→ What the task requires: All of the data is to be written out again exactly, without the pictures.

Collection entries
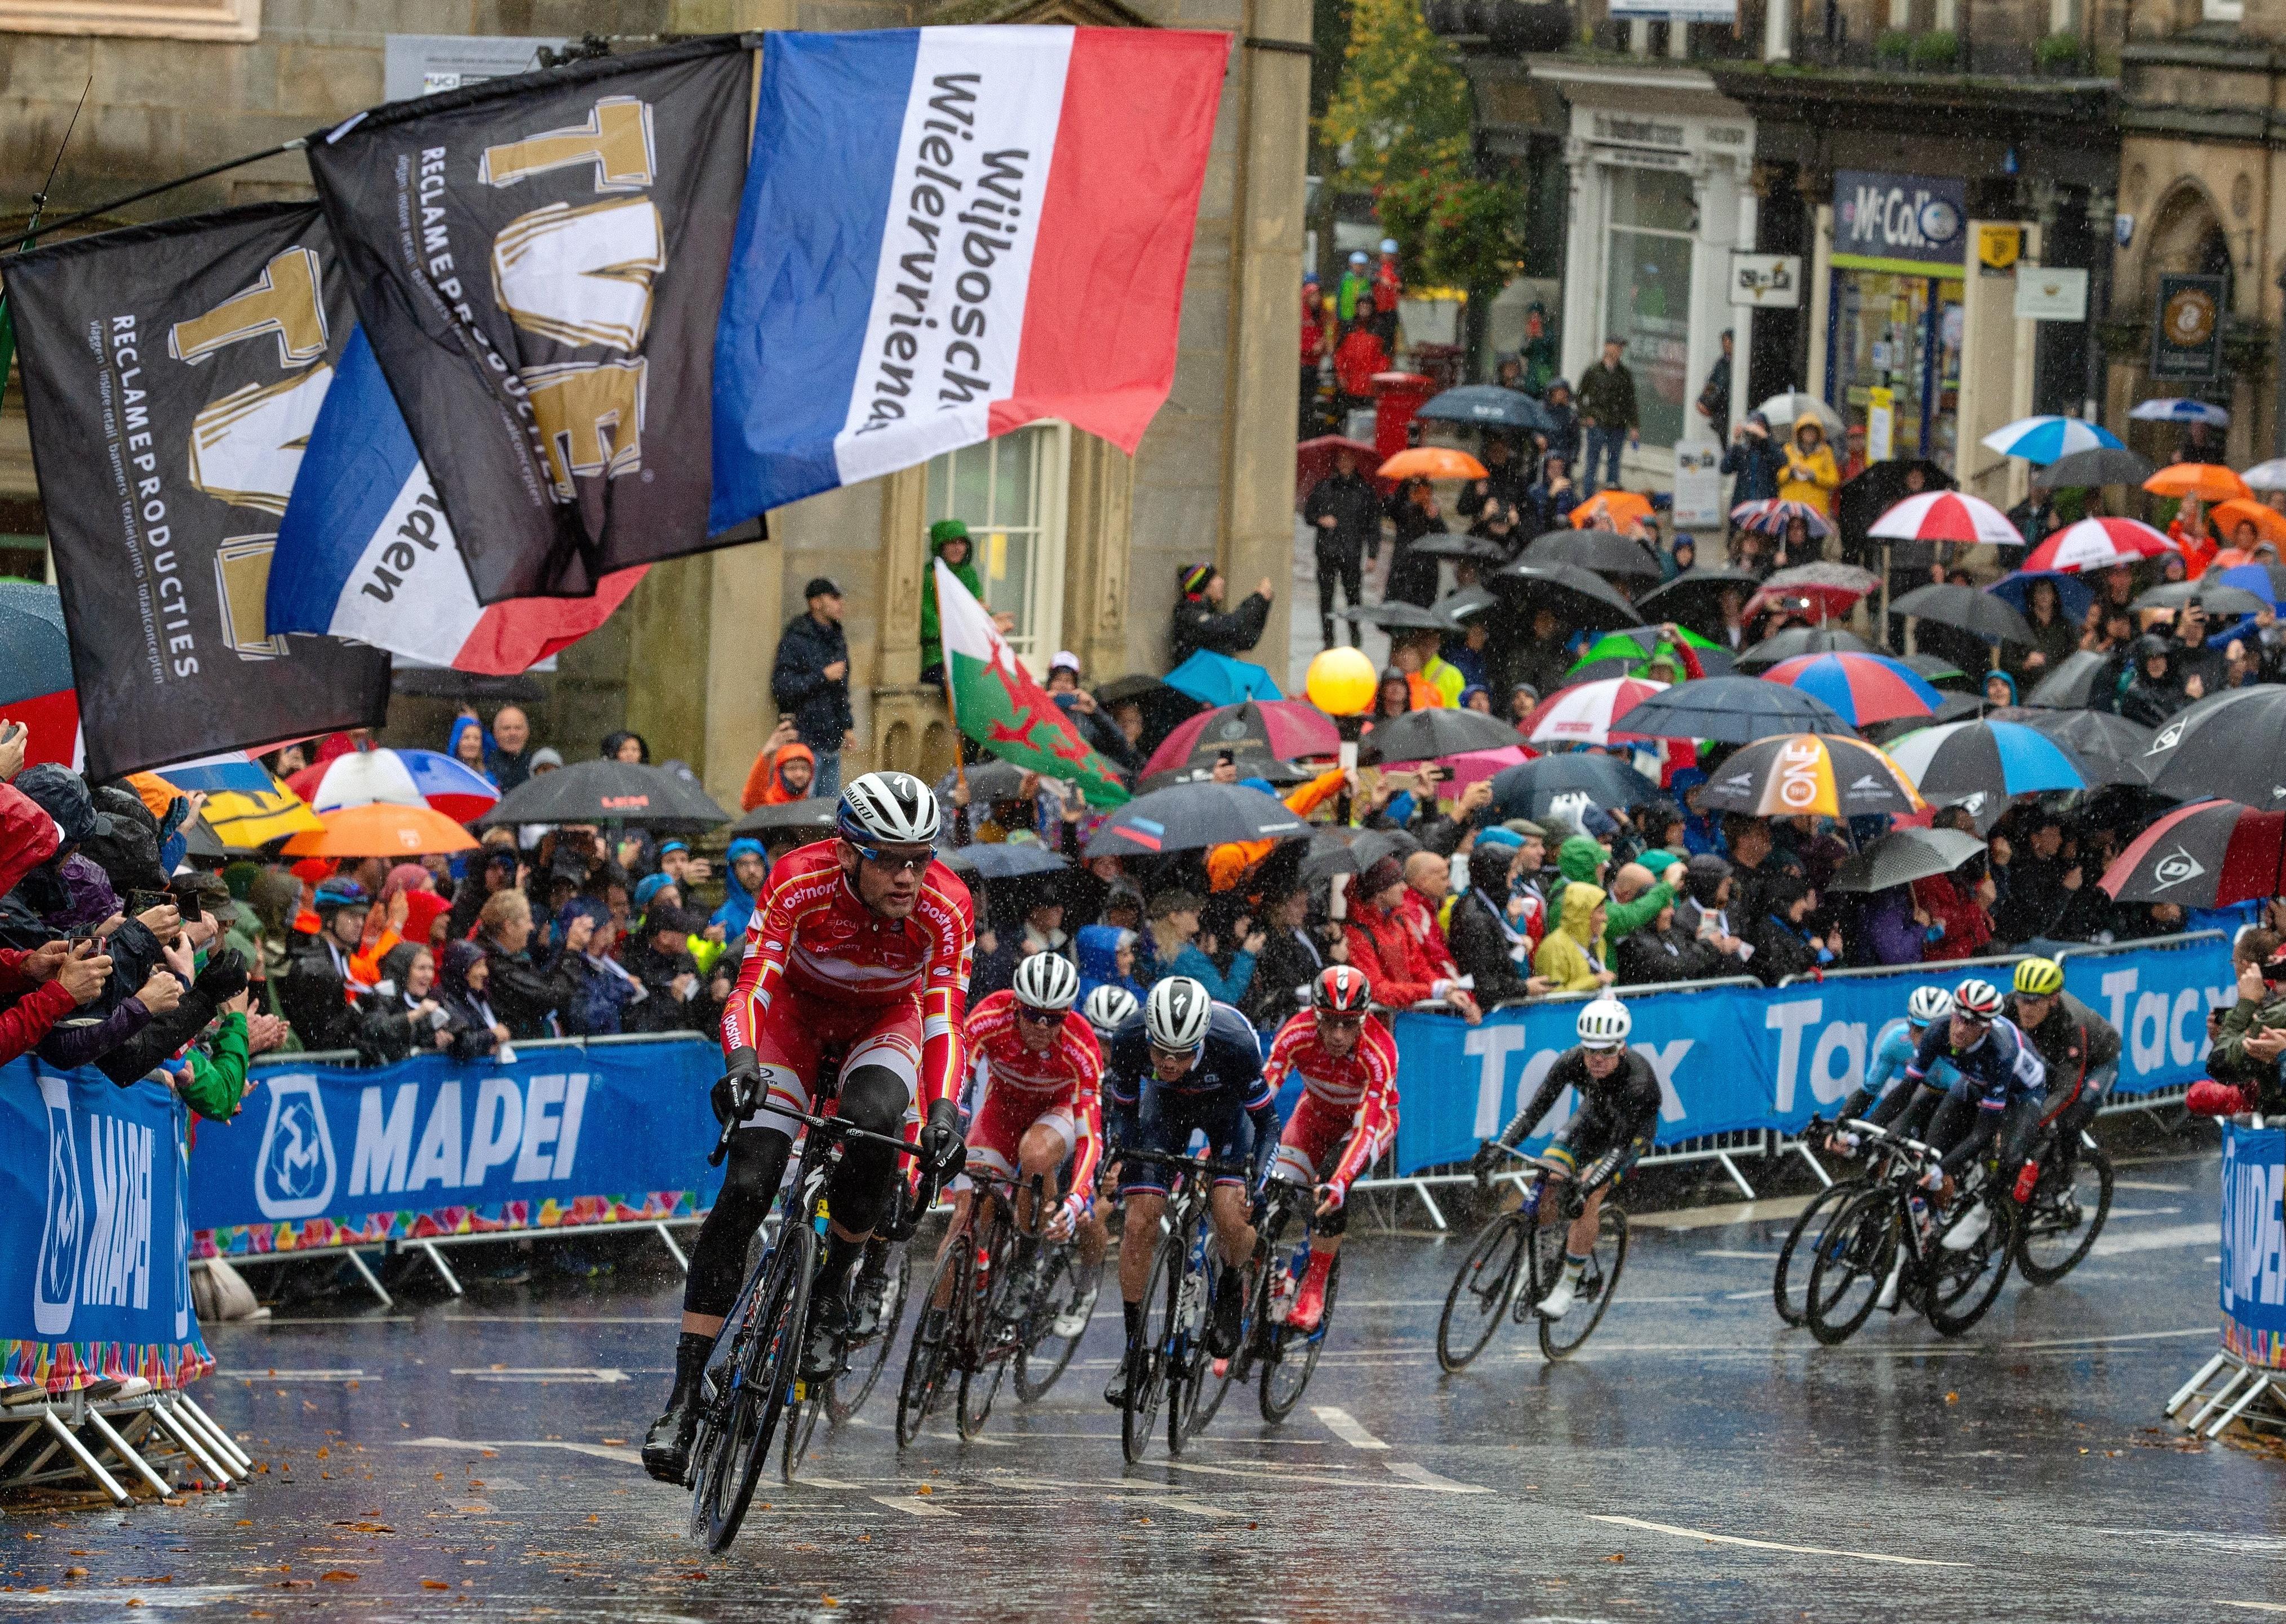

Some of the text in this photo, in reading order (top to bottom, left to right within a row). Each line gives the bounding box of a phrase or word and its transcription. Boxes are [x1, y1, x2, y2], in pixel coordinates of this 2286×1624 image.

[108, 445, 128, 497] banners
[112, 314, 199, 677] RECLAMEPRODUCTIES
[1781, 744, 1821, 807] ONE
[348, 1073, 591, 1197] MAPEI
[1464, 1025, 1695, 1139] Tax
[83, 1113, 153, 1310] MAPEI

→ Final answer:
Some of the text in this photo, in reading order (top to bottom, left to right within a row). Each line gives the bounding box of a phrase or word and its transcription. Boxes are [x1, y1, x2, y2], in pixel coordinates of this 2286×1624 image.

[108, 445, 128, 497] banners
[112, 314, 199, 677] RECLAMEPRODUCTIES
[1781, 744, 1821, 807] ONE
[348, 1073, 591, 1197] MAPEI
[1464, 1025, 1695, 1139] Tax
[83, 1113, 153, 1310] MAPEI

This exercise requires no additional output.